Actualité ou science-fiction ?
Il y a quelques semaines, j’ai participé à un temps de réflexion dans le cadre d’une pastorale sur le thème : « Nos Églises face au développement du digital : opportunités et nouveaux défis ». Dans mon groupe où l’on discutait des différentes formes d’évangélisation sur internet, j’ai mentionné la présence de certaines Églises dans le métavers. Les participants du groupe se sont gentiment moqués de moi en me répondant : « tu vis dans le futur toi ! ». Mais quelques minutes plus tard, (alors que tous les groupes s’étaient rassemblés), un pasteur a annoncé que son Église serait présente sur le métavers dans les prochaines années.
Pour certains, le sujet du métavers relève encore de la science-fiction, alors que pour d’autres, c’est déjà un sujet d’actualité. Je voudrais par cet article donner quelques éléments de compréhension pour ceux qui découvrent son existence, et ouvrir la réflexion sur la présence future de l’Église dans ce nouvel environnement.
Qu’est-ce que le métavers ?
De la même manière que dans les années 90 on aurait pu décrire internet comme un minitel en couleur dans lequel on pourrait bientôt faire plein de choses, on peut aujourd’hui décrire le métavers comme une version 3D d’internet, dans lequel on pourra bientôt faire plein de choses.
Comme pour internet dans les années 90, on ne sait pas encore ce qu’on pourra faire dans le métavers. Mais de manière générale, le métavers a vocation d’interconnecter des espaces de réalité virtuelle et de réalité augmentée (en 3D), un peu comme internet interconnecte des sites internet (en 2D).
À ce jour, très peu de personnes utilisent le métavers, en partie parce que la technologie n’est pas encore au point. Les casques de réalité virtuelle en particulier sont chers et peu pratiques à utiliser. Mais il est vraisemblable que la situation évolue rapidement grâce aux investissements pharaoniques qui sont consacrés à son développement. Le groupe Meta (anciennement Facebook) a investi à lui seul 10 milliards de dollars en 2021 dans le métavers et a annoncé intensifier son effort dans les années à venir.
Un enjeu théologique ?
Mais qu’est-ce que cette description du métavers vient faire sur Point-Théo ? Est-ce qu’à force de passer du temps avec des ingénieurs j’aurais oublié la différence entre théologie et technologie ?

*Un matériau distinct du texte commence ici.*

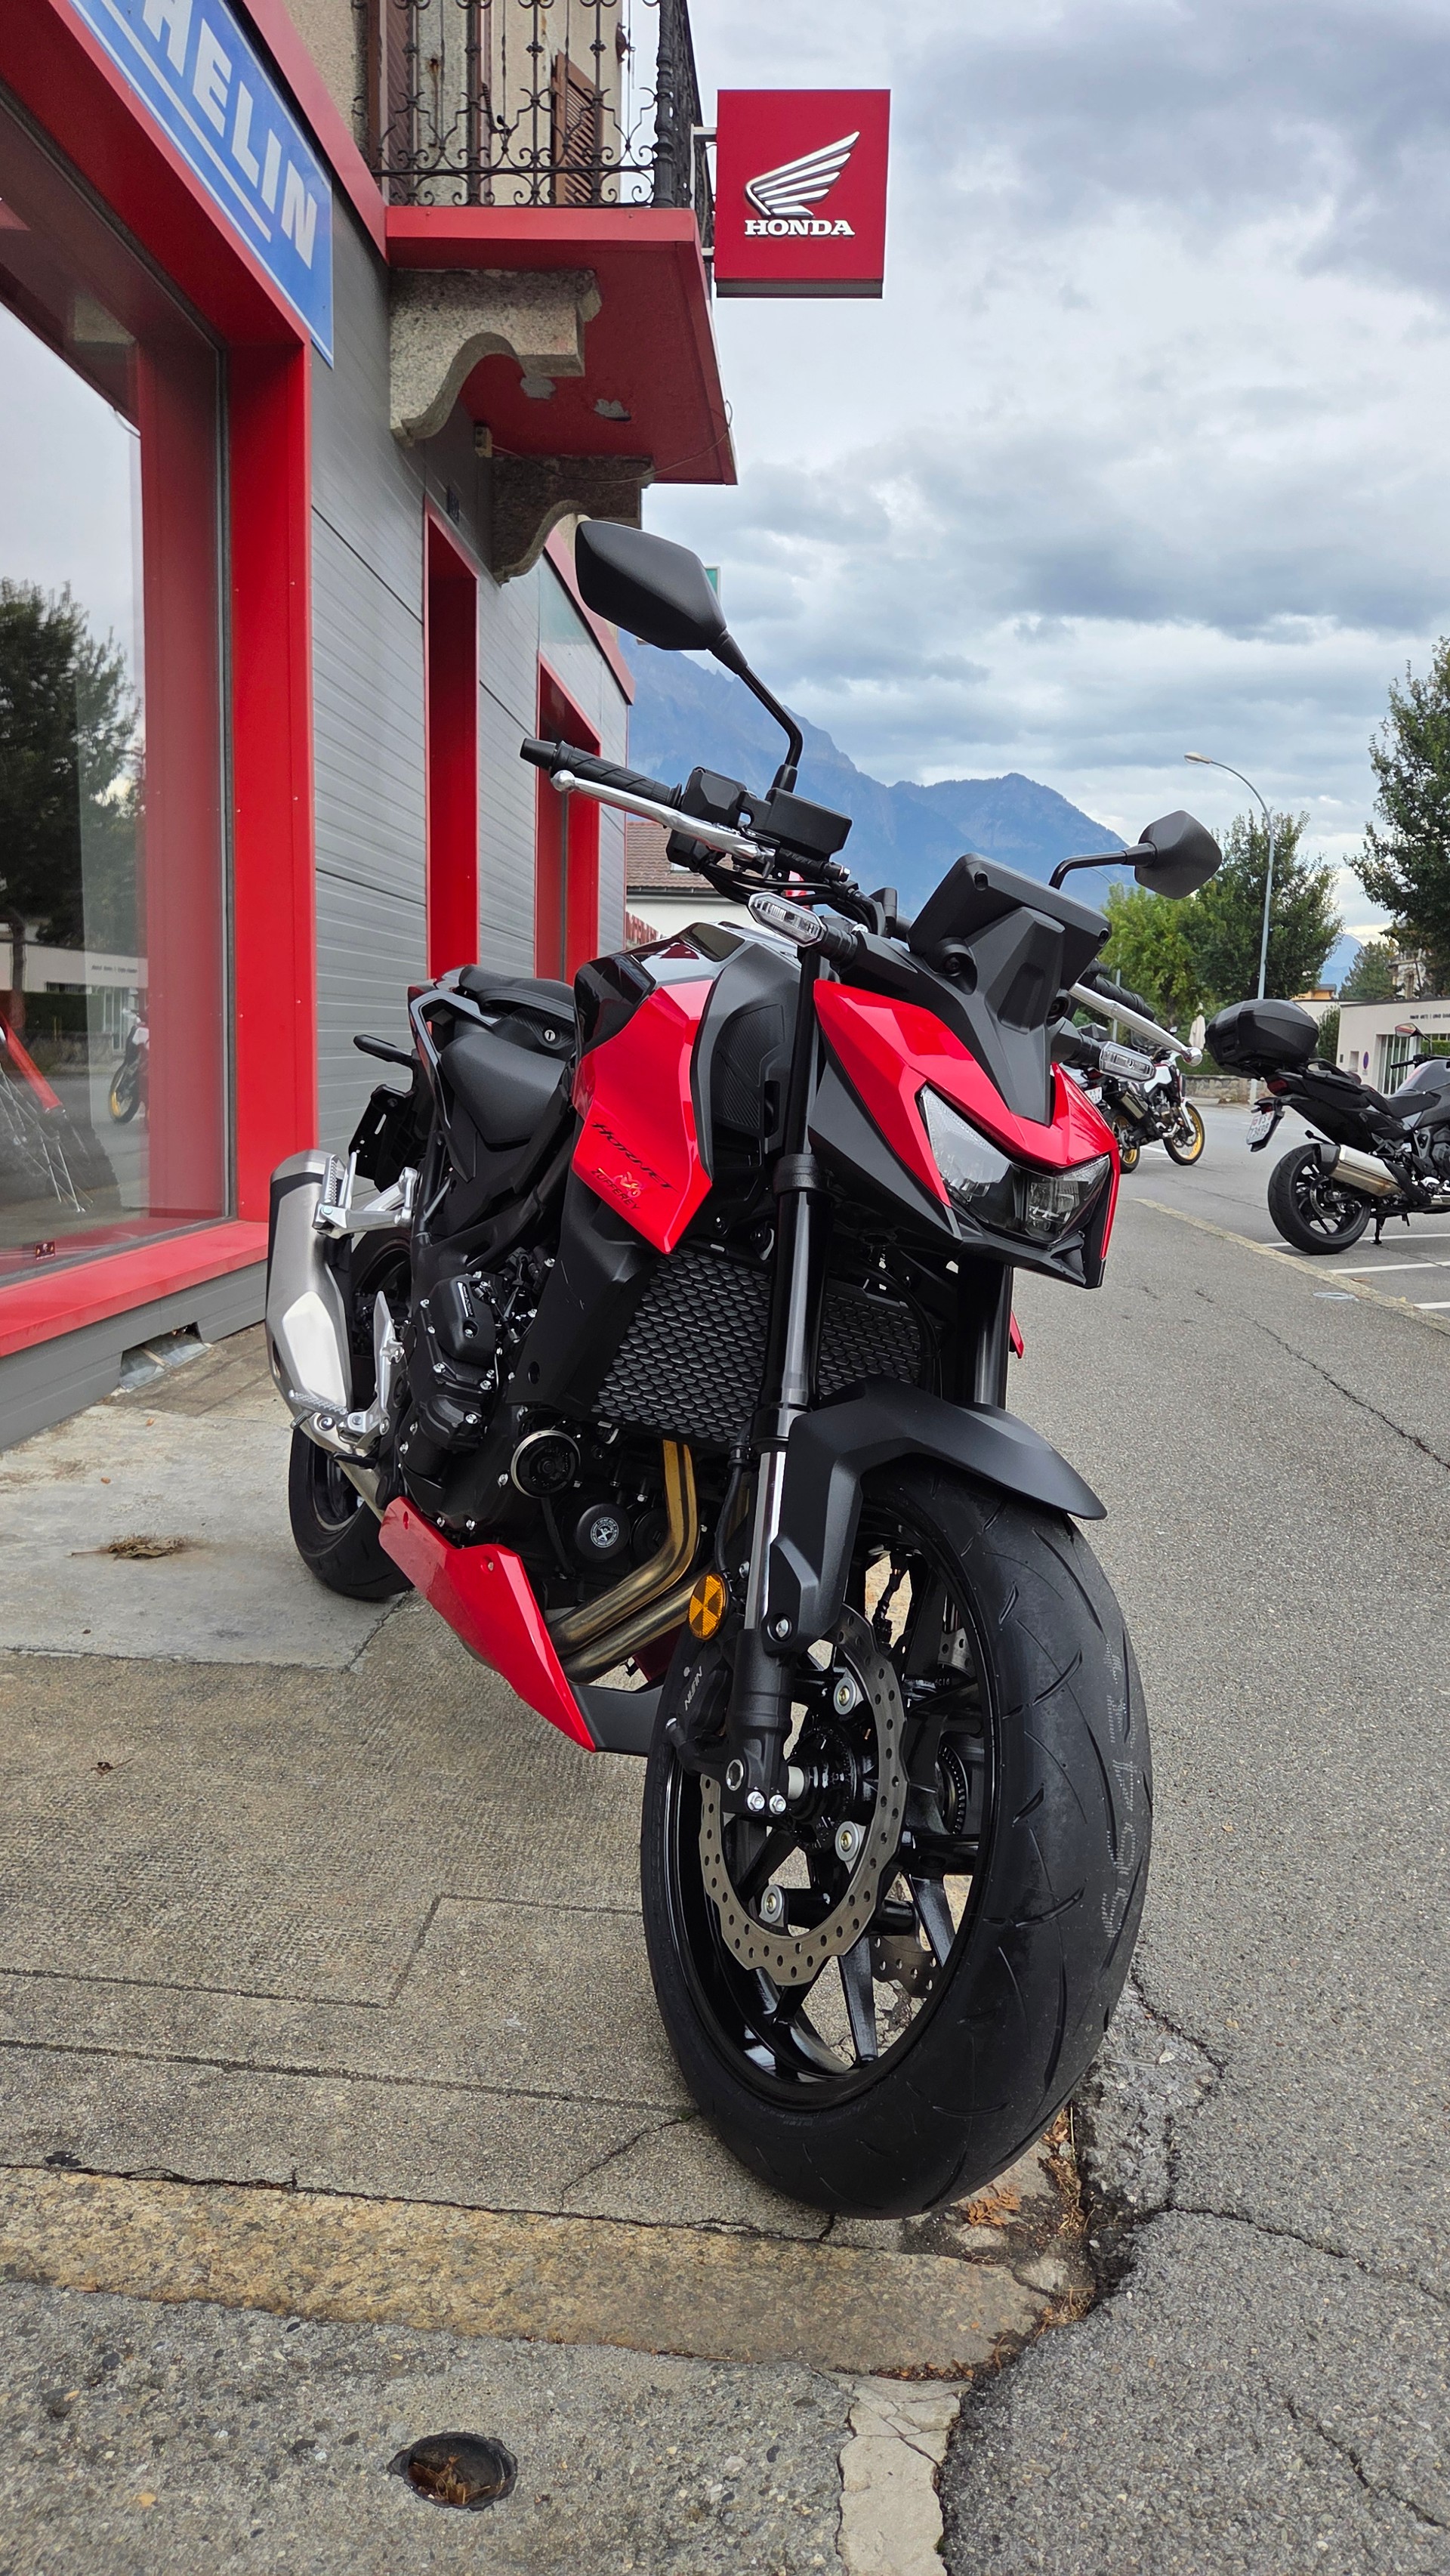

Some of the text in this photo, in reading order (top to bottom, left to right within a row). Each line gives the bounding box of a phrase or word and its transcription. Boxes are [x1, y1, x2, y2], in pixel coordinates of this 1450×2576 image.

[744, 219, 856, 236] HONDA
[591, 1122, 679, 1193] HORNET
[591, 1169, 640, 1209] ZUFFEREY
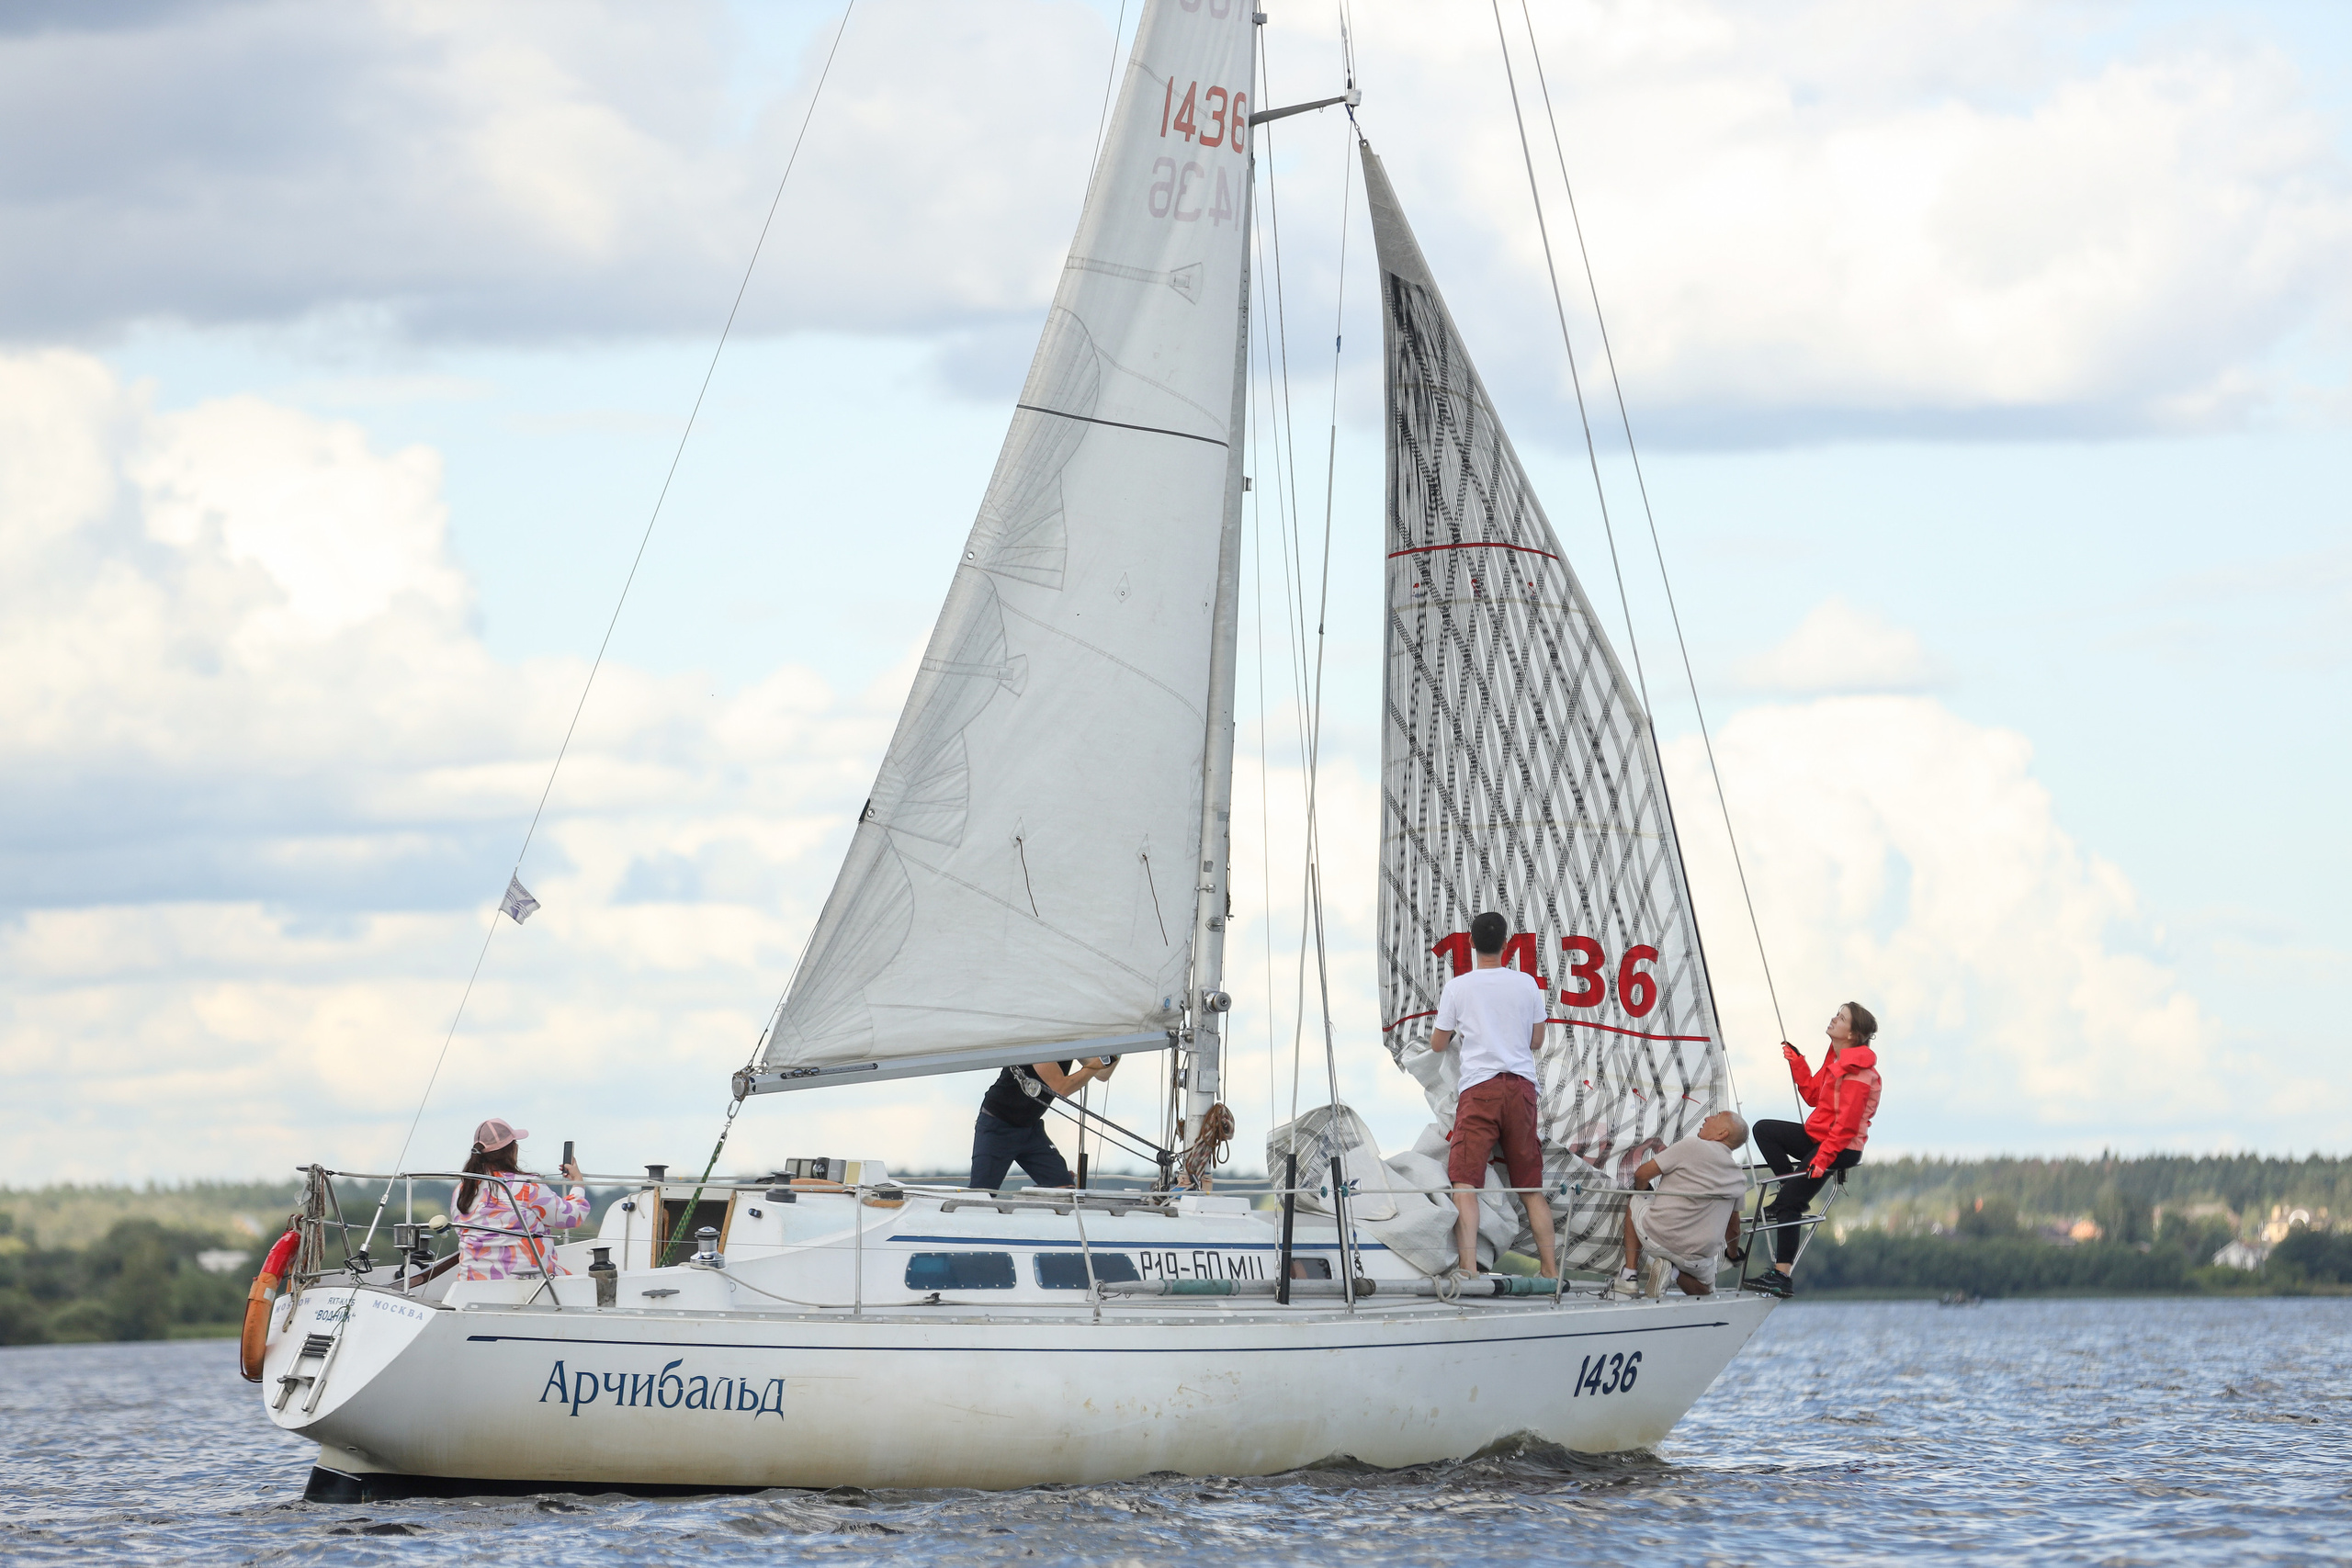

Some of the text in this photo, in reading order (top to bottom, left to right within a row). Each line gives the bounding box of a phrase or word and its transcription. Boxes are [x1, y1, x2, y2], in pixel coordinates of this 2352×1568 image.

[1159, 75, 1247, 154] 1436
[275, 1297, 312, 1314] MOSOW
[327, 1296, 356, 1307] ЯХТ-КЛБ
[372, 1299, 424, 1321] МОСКВА
[538, 1358, 785, 1422] Арчибальд
[1573, 1350, 1643, 1398] 1436

La raison de mon intérêt vient d’abord du fait que les Églises vont vraisemblablement devoir se positionner par rapport à cette nouvelle technologie. Cela peut sembler une problématique encore lointaine, mais certaines megachurchs américaines ont déjà des campus dans le métavers depuis l’an dernier. Pour l’instant, même pour ces Églises, le métavers représente une partie infime de leur présence en ligne (en général seulement quelques dizaines de connexions pour des Églises de plusieurs milliers de membres). Mais les choses pourraient évoluer rapidement, et mon exhortation est de se poser les questions de fond avant d’être poussés par les circonstances à prendre des décisions pragmatiques pour nos Églises. Combien d’Églises ont repoussé la question de leur présence en ligne pendant des années pour se voir contraints du jour au lendemain d’organiser des cultes en lignes, sans jamais avoir pris le temps de réfléchir théologiquement à la place que devrait avoir internet dans la vie de leur communauté ?
Mon exhortation est de se poser les questions de fond avant d’être poussés par les circonstances à prendre des décisions pragmatiques pour nos Églises.
Avec le métavers, je nous encourage à prendre le temps de nous poser les bonnes questions pour discerner les opportunités et les travers à éviter. Cet article n’a pour seule ambition que d’amorcer cette réflexion, et je voudrais proposer deux aspects du métavers qui me semble présenter une opportunité et un travers potentiel pour l’Église.
L’enjeu missiologique
Aujourd’hui déjà, beaucoup de personnes ne peuvent entrer en contact avec la Bible ou avec des chrétiens qu’au travers d’internet. Demain, cela pourrait être le cas pour des millions de personnes dans le métavers. Si nous croyons que tous devraient pouvoir accéder à la Bonne Nouvelle qui nous a été confiée, alors nous ne pourrons pas faire l’économie d’y être présents, d’une manière ou d’une autre. J’ai pu discuter avec une personne en charge du campus métavers de son Église qui m’a confirmé que la majorité des personnes qui se connectaient étaient des personnes qui n’auraient jamais mis les pieds dans un local d’Église.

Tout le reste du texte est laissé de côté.